• TASK: Copy all records verbatim, images excluded.

INPUT below:

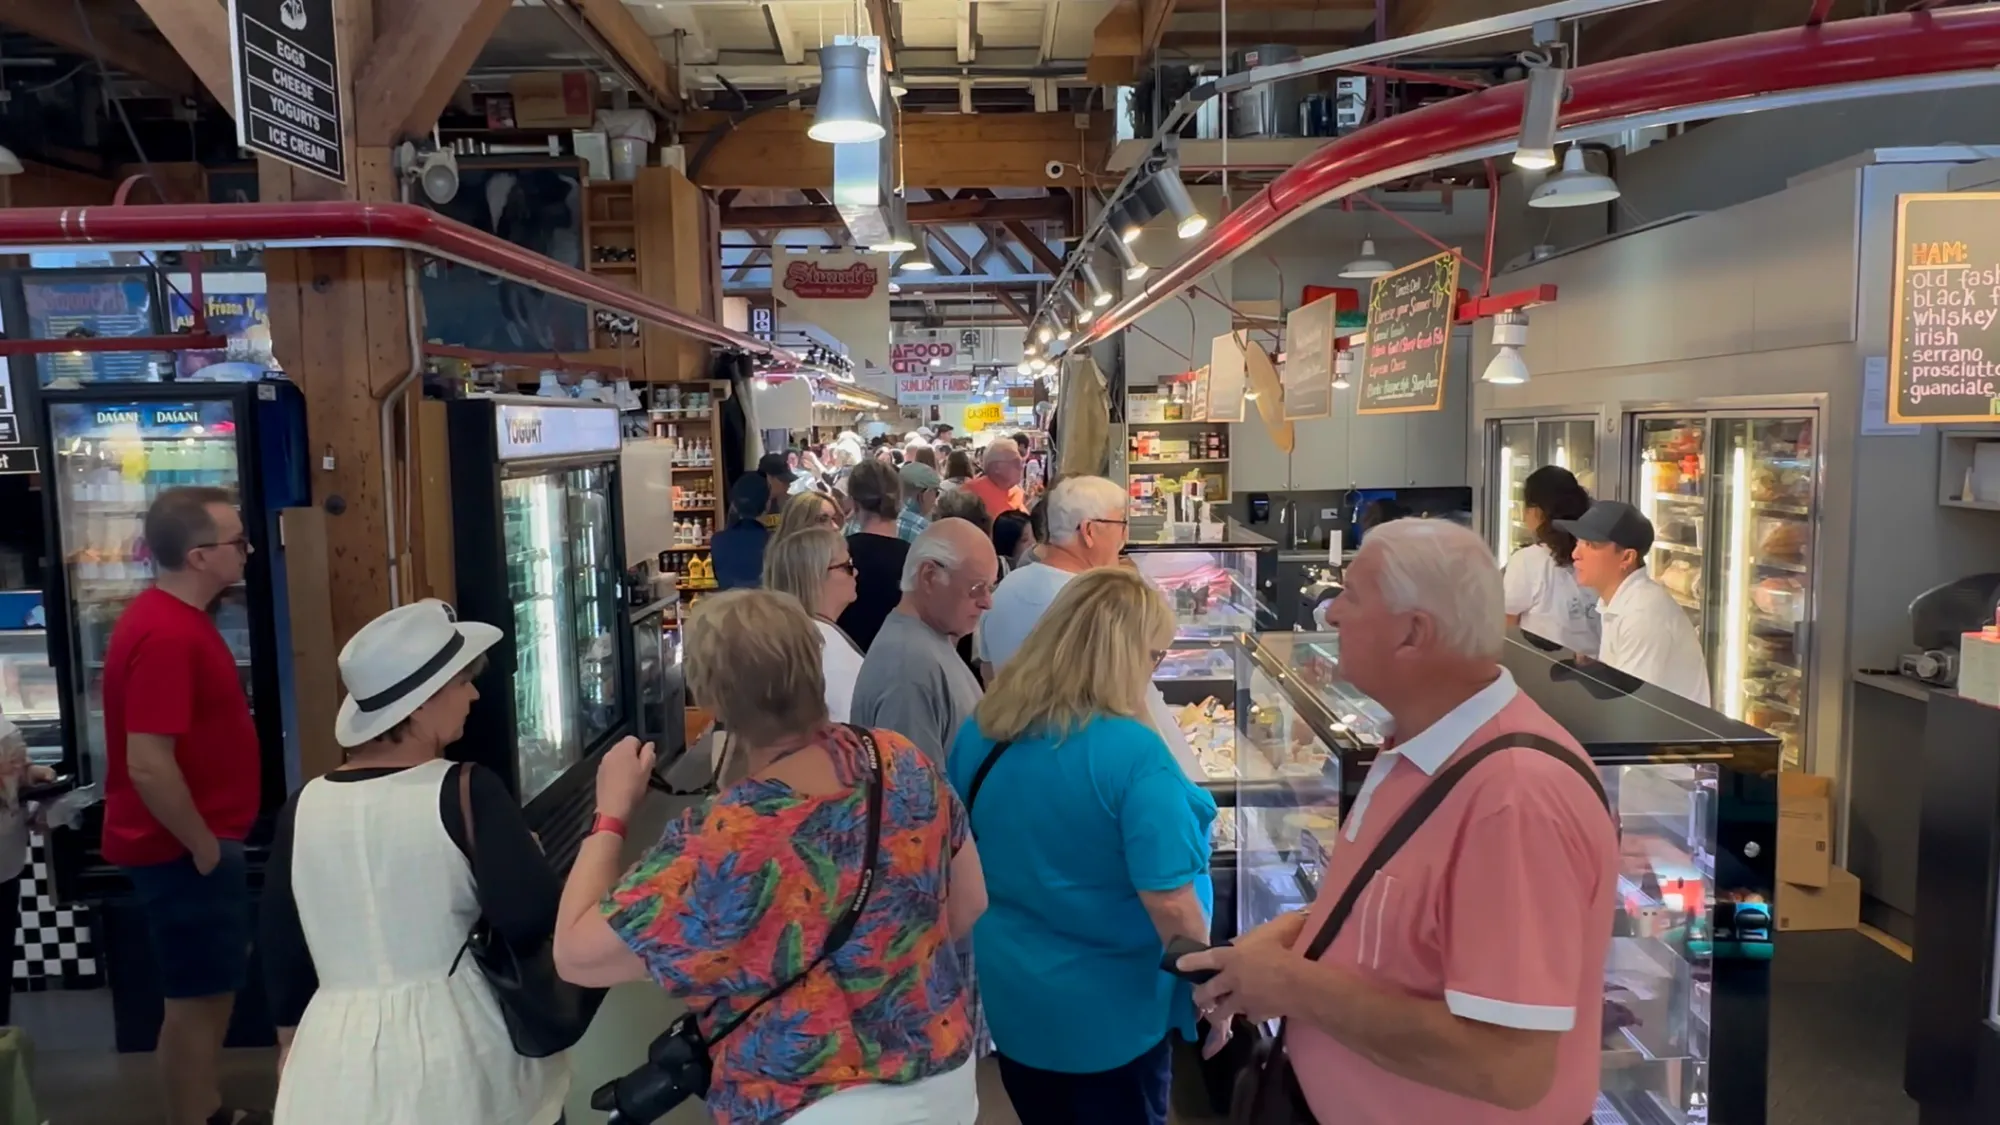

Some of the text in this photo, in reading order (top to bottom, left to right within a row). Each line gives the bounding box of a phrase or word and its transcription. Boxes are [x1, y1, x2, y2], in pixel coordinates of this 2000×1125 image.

[276, 40, 306, 69] EGGS
[272, 68, 314, 101] CHEESE
[269, 94, 320, 131] YOGURTS
[268, 126, 326, 163] ICE CREAM
[786, 261, 877, 286] Stuart's
[1912, 307, 1998, 331] whiskey
[1914, 327, 1958, 346] irish
[1912, 348, 1983, 363] serrano
[901, 379, 939, 392] SUNLIGHT
[1910, 378, 1994, 404] guanciale
[97, 411, 198, 424] DASANI DASANI
[967, 407, 1000, 419] CASHIER
[504, 416, 542, 445] YOGURT
[862, 735, 877, 770] Canon
[853, 868, 872, 912] Canon
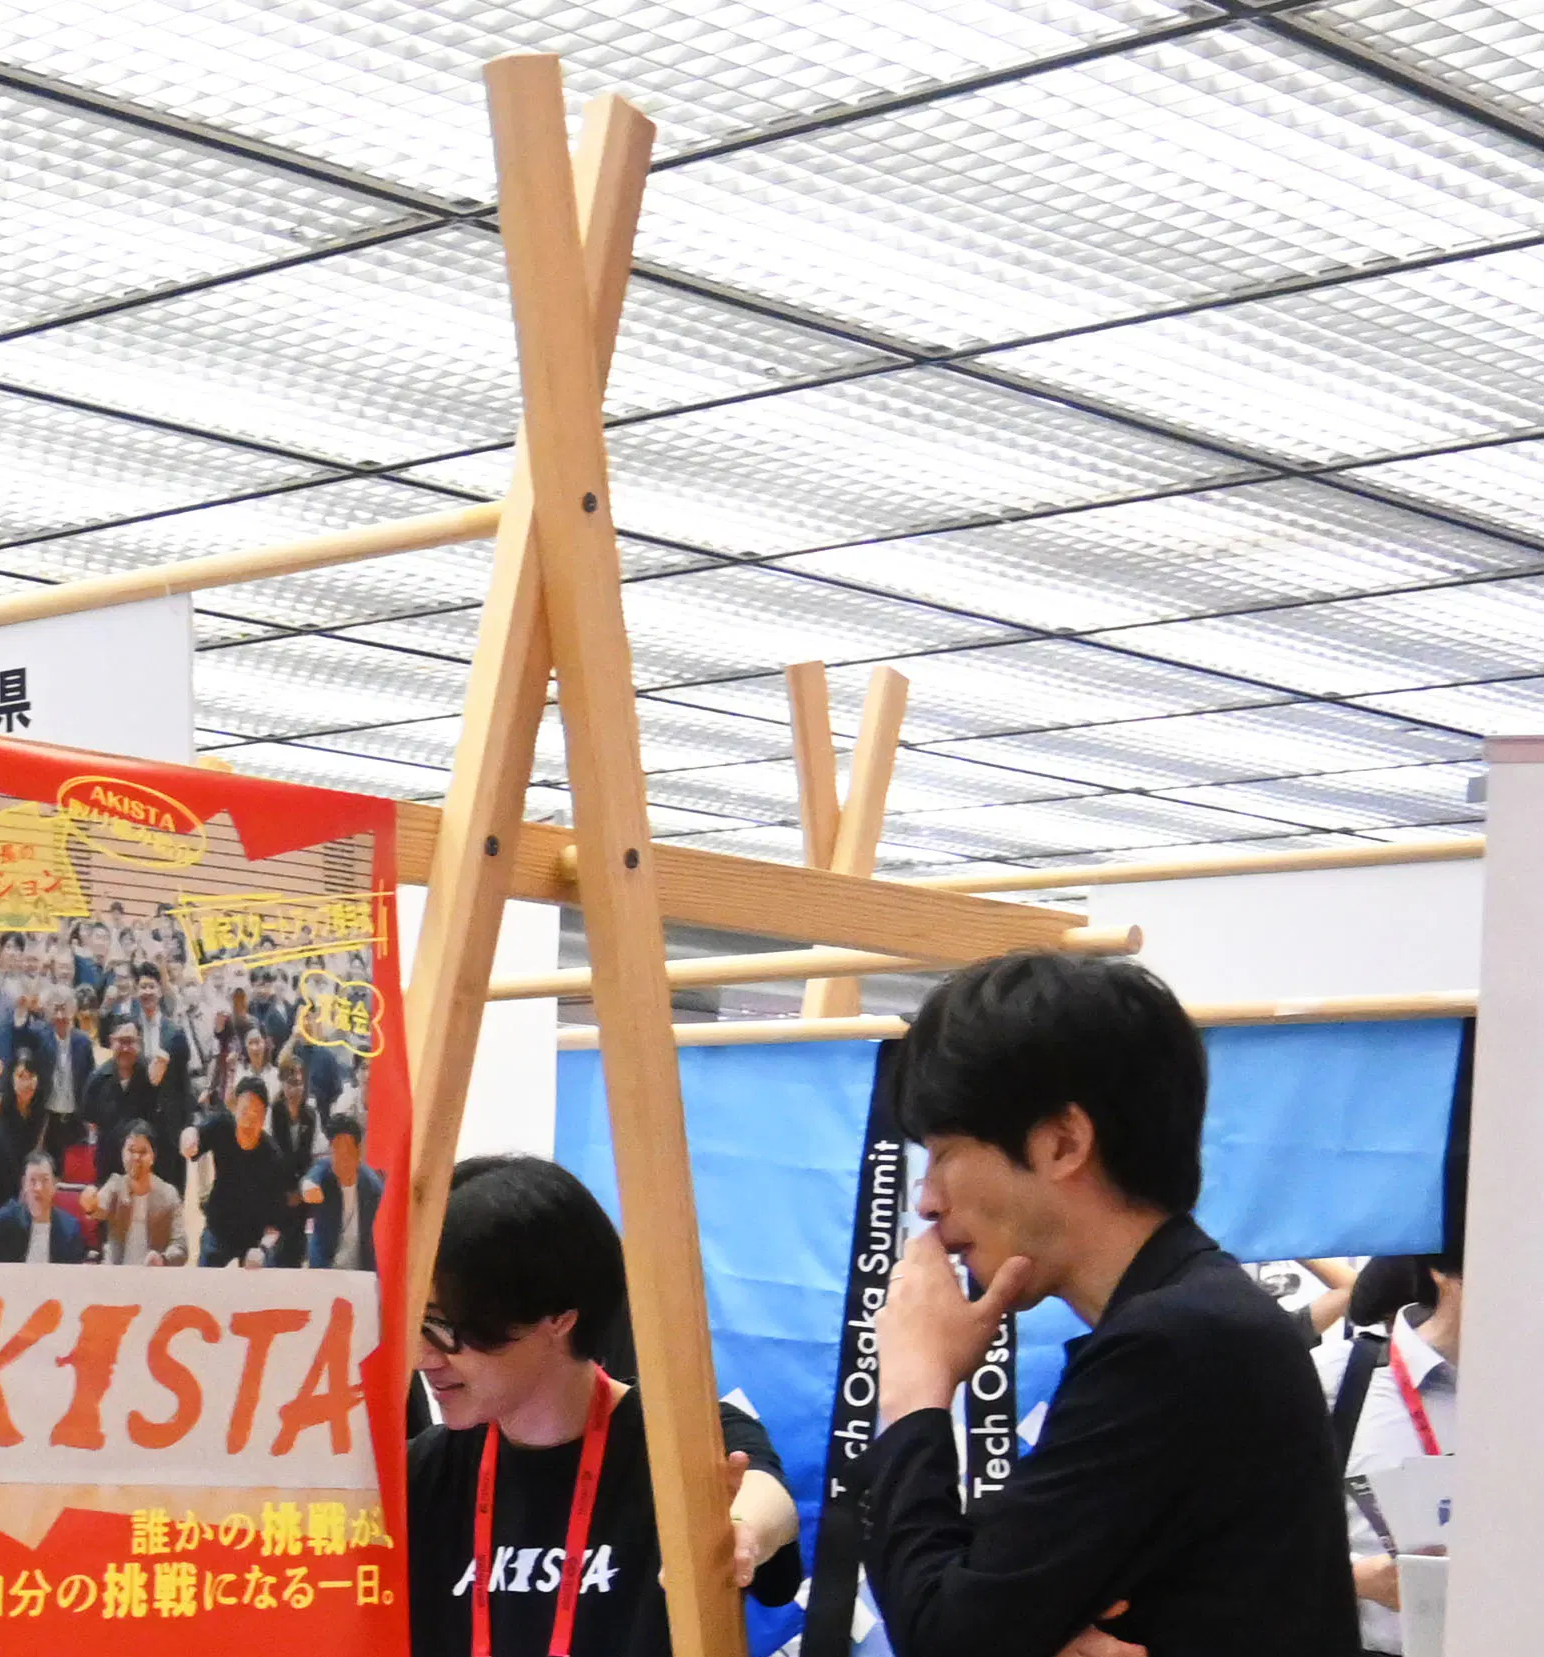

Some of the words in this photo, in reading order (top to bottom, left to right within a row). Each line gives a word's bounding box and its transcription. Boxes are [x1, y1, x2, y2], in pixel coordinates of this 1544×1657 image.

[90, 785, 176, 833] AKISTA
[830, 1418, 871, 1500] Tch
[858, 1139, 900, 1276] Summit
[971, 1414, 1012, 1500] Tech
[130, 1501, 394, 1557] 誰かの挑戦が、
[451, 1543, 622, 1597] AKISA

End of INPUT.

• EXERCISE OUTPUT:
Some of the text in this photo, in reading order (top to bottom, left to right within a row). Each line gives the bounding box of a phrase or word and its transcription. Boxes are [x1, y1, x2, y2], in pixel coordinates of this 2000×1125 image.

[276, 40, 306, 69] EGGS
[272, 68, 314, 101] CHEESE
[269, 94, 320, 131] YOGURTS
[268, 126, 326, 163] ICE CREAM
[786, 261, 877, 286] Stuart's
[1912, 307, 1998, 331] whiskey
[1914, 327, 1958, 346] irish
[1912, 348, 1983, 363] serrano
[901, 379, 939, 392] SUNLIGHT
[1910, 378, 1994, 404] guanciale
[97, 411, 198, 424] DASANI DASANI
[967, 407, 1000, 419] CASHIER
[504, 416, 542, 445] YOGURT
[862, 735, 877, 770] Canon
[853, 868, 872, 912] Canon

Some of the words in this photo, in reading order (top to bottom, left to right within a row). Each line gives a word's bounding box and its transcription. Boxes are [x1, y1, x2, y2], in pixel coordinates of this 1544×1657 image.

[90, 785, 176, 833] AKISTA
[830, 1418, 871, 1500] Tch
[858, 1139, 900, 1276] Summit
[971, 1414, 1012, 1500] Tech
[130, 1501, 394, 1557] 誰かの挑戦が、
[451, 1543, 622, 1597] AKISA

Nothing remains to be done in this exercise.